Секретная командировка - Шалашов Евгений Васильевич - Страница 23
- Предыдущая
- 23/37
- Следующая
С трудом, но в управлении начинала вырисовываться некая структура. Уж, простите, я хоть и не был закоренелым бюрократом, но мне всегда важно знать и зону своей ответственности, и степень полномочий.
Теперь у меня имелся собственный кабинет и пять оперативников в подчинении. В сущности, получить в двадцать лет должность, до которой в той жизни я рос целых пятнадцать лет, не так и плохо. В общем, все по Питириму Сорокину и его учению о социальных лифтах. Беда только, что в эпоху революции можно не только легко взлететь вверх, но и упасть с той же легкостью, да так, что не только костей не соберёшь, но и имени твоего не останется. Но чтобы такого не случилось, следует добросовестно работать.

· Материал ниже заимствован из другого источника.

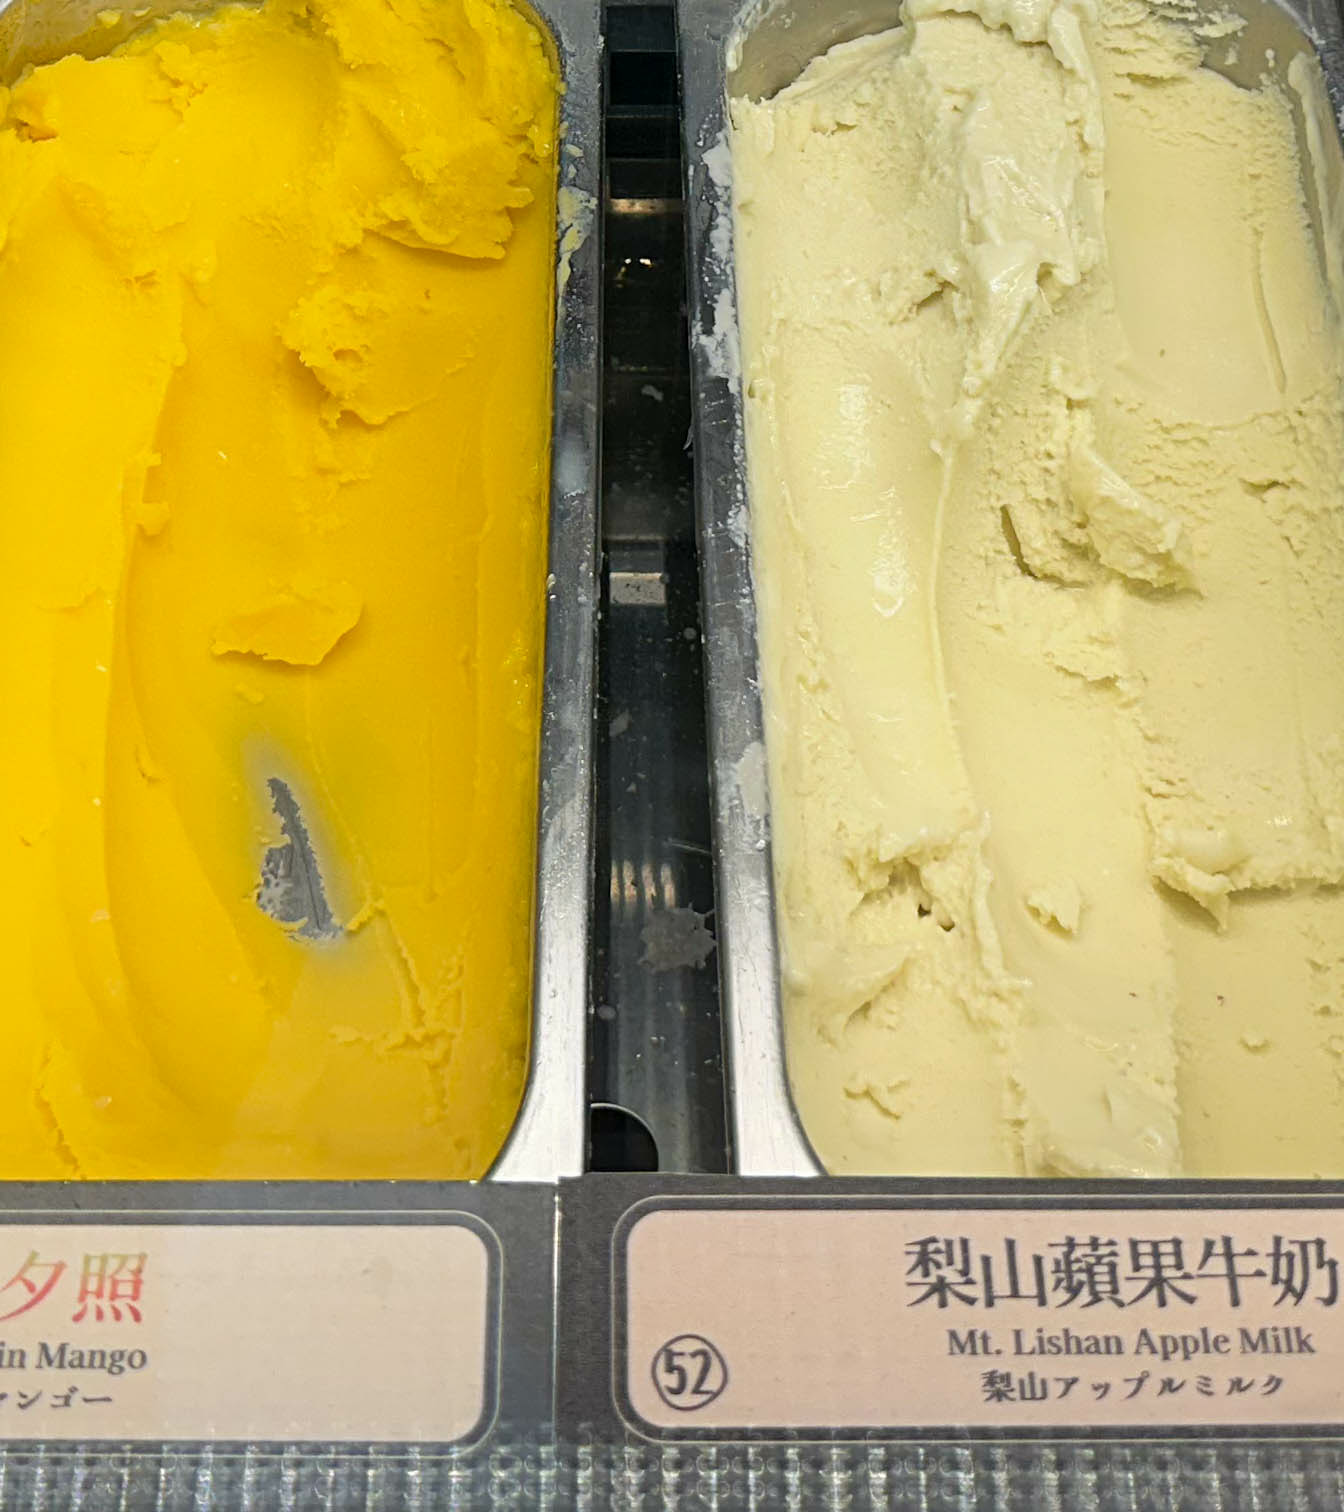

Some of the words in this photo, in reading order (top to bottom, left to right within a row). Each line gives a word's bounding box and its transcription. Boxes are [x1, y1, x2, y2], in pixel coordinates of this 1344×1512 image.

Для начала я попытался построить агентурную цепь. Понятное дело, что в условиях, когда все постоянно меняется, создать классическую «паутину», где оперативник имеет дело лишь с резидентами, а те «держат» на связи двух-трех агентов (по правилам положено пять, но кто исполняет правила?), не получится. Опять-таки, если оперативник получил ценного агента, а потом взял и ушёл на фронт, то другой чекист о том важном кадре не будет знать.
Понимаю. Но кое-что даже в наше беспокойное время можно сделать. Для начала обучить ребят «азам» работы с агентами. Начнем с того, что не следует торопить события и как сумасшедшему носиться по градам и весям, выискивая себе нужных людей, обладающих информацией. Стоит чуть-чуть подождать, и они начнут появляться сами. Ну что поделать, если есть люди, просто жаждущие поделиться своими знаниями либо с начальником, либо с нами? Для обывателя это плохо, а для человека, призванного охранять покой государства – хорошо. Но здесь нужно действовать осторожно, особенно если это касается крестьян. И если бедняк Иванов шепнул вам на ушко, что «кулак Петров хранит в подполе обрез, чтобы убить товарища председателя волисполкома», не стоит бежать и арестовывать этого Петрова. Для начала стоит проверить, а является ли оный Петров кулаком, а нет ли у крестьянина Иванова каких-то претензий? Я сейчас не говорю о какой-нибудь ерунде типа того, что в молодости один у другого девку отбил или на престольном празднике морду набил. Из-за подобных вещей пейзане к властям обращаться не станут, сами счеты сведут. А вот узнать, не прирезали ли Петрову землицу, на которую претендовал Иванов, очень даже стоит.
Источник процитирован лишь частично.